* _About this exercise_:
Return all of the following entries as written, but without the images.

* _Extracted entries_:
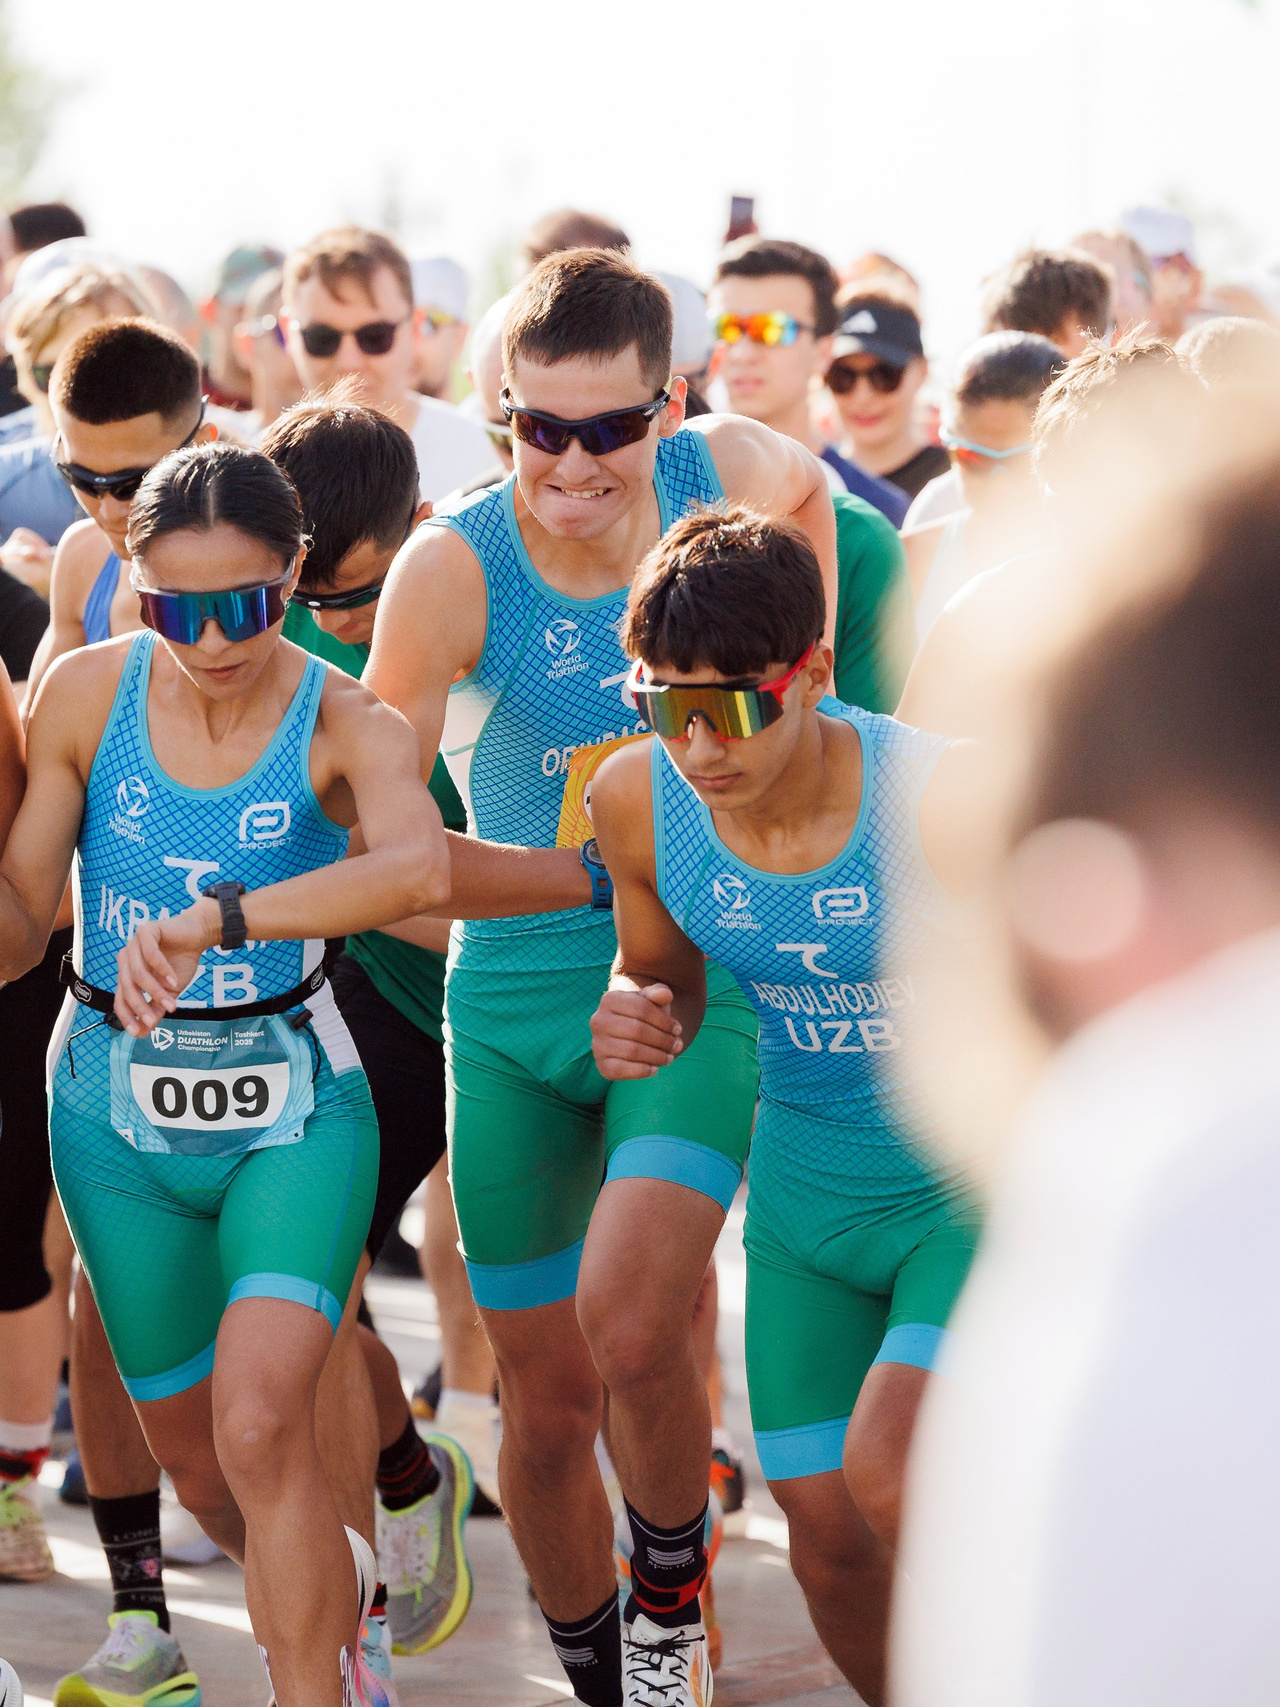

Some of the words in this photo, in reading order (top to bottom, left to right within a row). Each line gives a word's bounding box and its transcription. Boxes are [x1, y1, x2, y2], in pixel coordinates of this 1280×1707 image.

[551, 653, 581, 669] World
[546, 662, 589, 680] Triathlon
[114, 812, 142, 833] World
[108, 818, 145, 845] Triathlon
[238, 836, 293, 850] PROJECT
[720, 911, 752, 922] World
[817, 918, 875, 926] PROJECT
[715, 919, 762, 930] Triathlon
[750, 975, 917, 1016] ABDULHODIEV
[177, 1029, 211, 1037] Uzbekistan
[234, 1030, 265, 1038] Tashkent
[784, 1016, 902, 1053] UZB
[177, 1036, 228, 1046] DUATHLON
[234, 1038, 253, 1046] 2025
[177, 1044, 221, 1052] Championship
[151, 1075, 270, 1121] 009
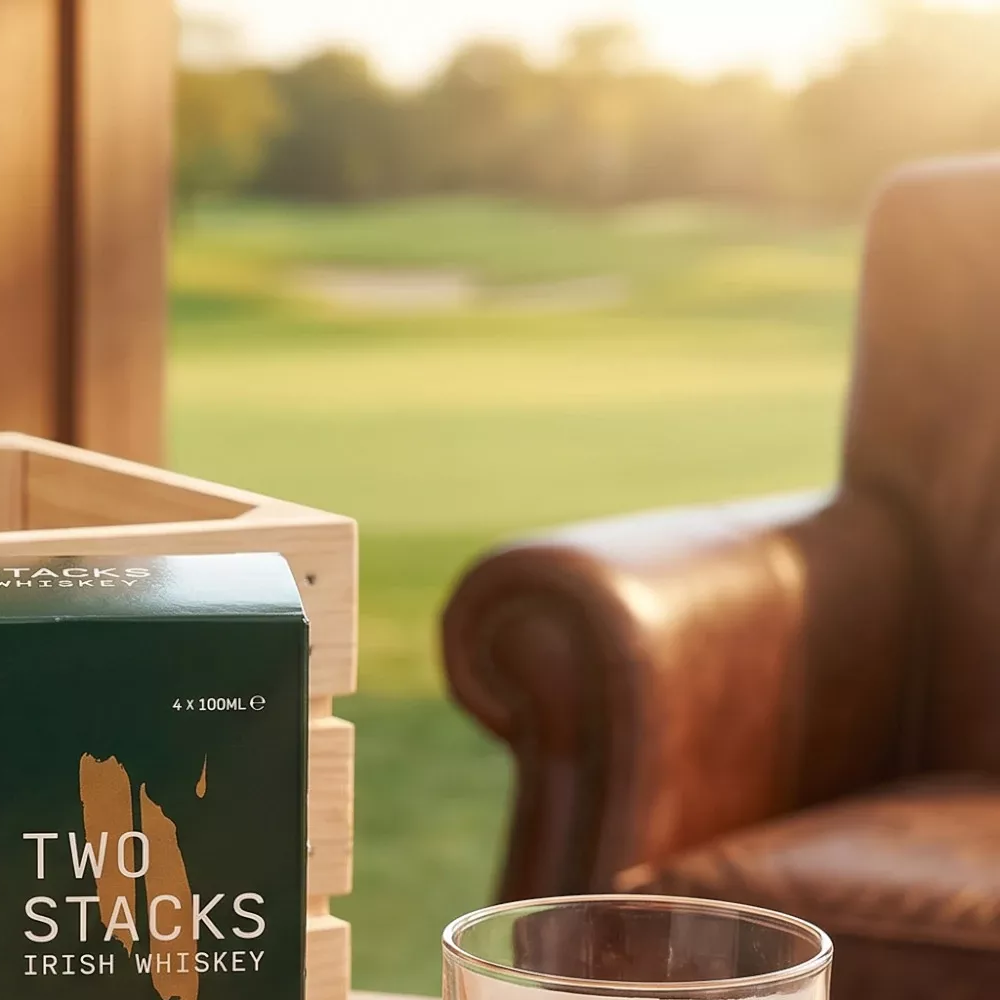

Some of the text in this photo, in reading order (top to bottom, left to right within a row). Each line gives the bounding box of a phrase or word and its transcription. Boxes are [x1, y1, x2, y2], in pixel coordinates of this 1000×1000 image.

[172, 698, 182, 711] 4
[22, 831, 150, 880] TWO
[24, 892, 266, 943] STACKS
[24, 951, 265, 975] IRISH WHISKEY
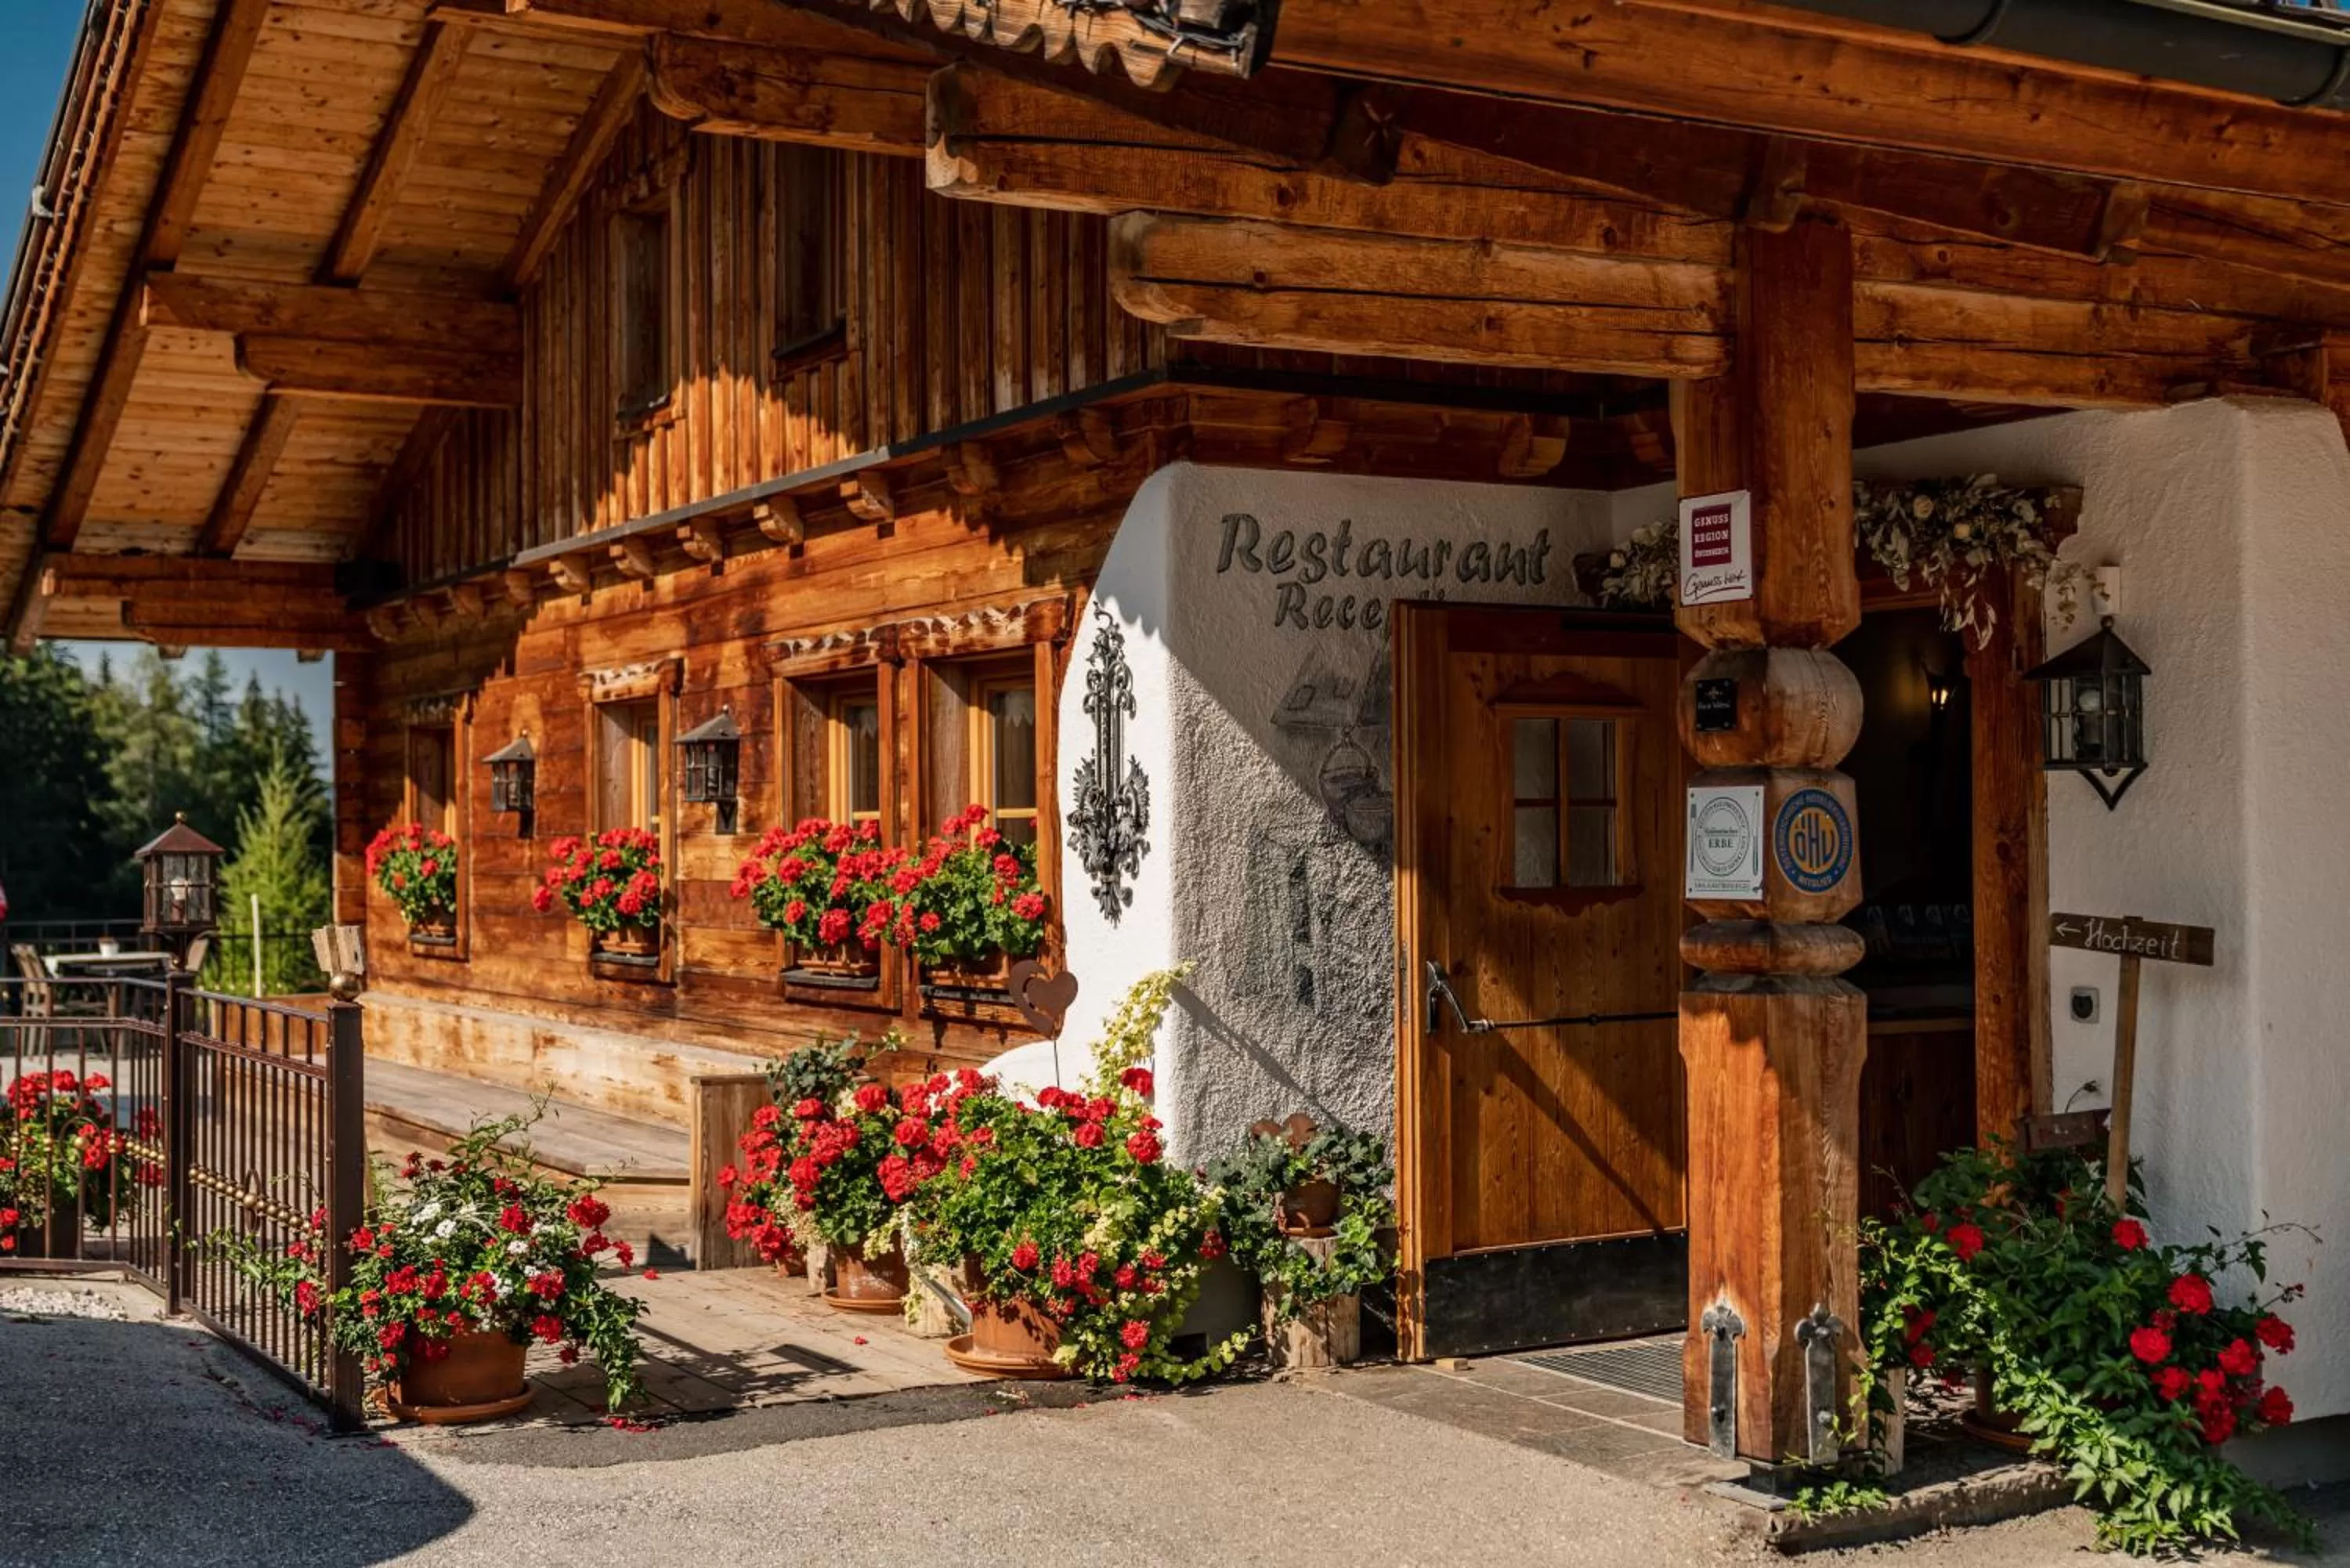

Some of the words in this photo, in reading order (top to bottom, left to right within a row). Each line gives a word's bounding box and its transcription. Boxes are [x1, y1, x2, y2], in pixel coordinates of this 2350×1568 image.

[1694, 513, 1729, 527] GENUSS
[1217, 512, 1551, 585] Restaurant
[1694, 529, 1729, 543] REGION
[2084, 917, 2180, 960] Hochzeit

* _Task response_:
Some of the words in this photo, in reading order (top to bottom, left to right within a row). Each line gives a word's bounding box and its transcription. Boxes are [x1, y1, x2, y2], in pixel coordinates of this 1280×1707 image.

[551, 653, 581, 669] World
[546, 662, 589, 680] Triathlon
[114, 812, 142, 833] World
[108, 818, 145, 845] Triathlon
[238, 836, 293, 850] PROJECT
[720, 911, 752, 922] World
[817, 918, 875, 926] PROJECT
[715, 919, 762, 930] Triathlon
[750, 975, 917, 1016] ABDULHODIEV
[177, 1029, 211, 1037] Uzbekistan
[234, 1030, 265, 1038] Tashkent
[784, 1016, 902, 1053] UZB
[177, 1036, 228, 1046] DUATHLON
[234, 1038, 253, 1046] 2025
[177, 1044, 221, 1052] Championship
[151, 1075, 270, 1121] 009

Some of the text in this photo, in reading order (top to bottom, left to right within a row). Each line gives the bounding box of a phrase or word and its transcription. Boxes are [x1, y1, x2, y2], in pixel coordinates of this 1000×1000 image.

[172, 698, 182, 711] 4
[22, 831, 150, 880] TWO
[24, 892, 266, 943] STACKS
[24, 951, 265, 975] IRISH WHISKEY

Some of the words in this photo, in reading order (top to bottom, left to right within a row). Each line gives a word's bounding box and its transcription. Boxes are [x1, y1, x2, y2], in pixel coordinates of this 2350×1568 image.

[1694, 513, 1729, 527] GENUSS
[1217, 512, 1551, 585] Restaurant
[1694, 529, 1729, 543] REGION
[2084, 917, 2180, 960] Hochzeit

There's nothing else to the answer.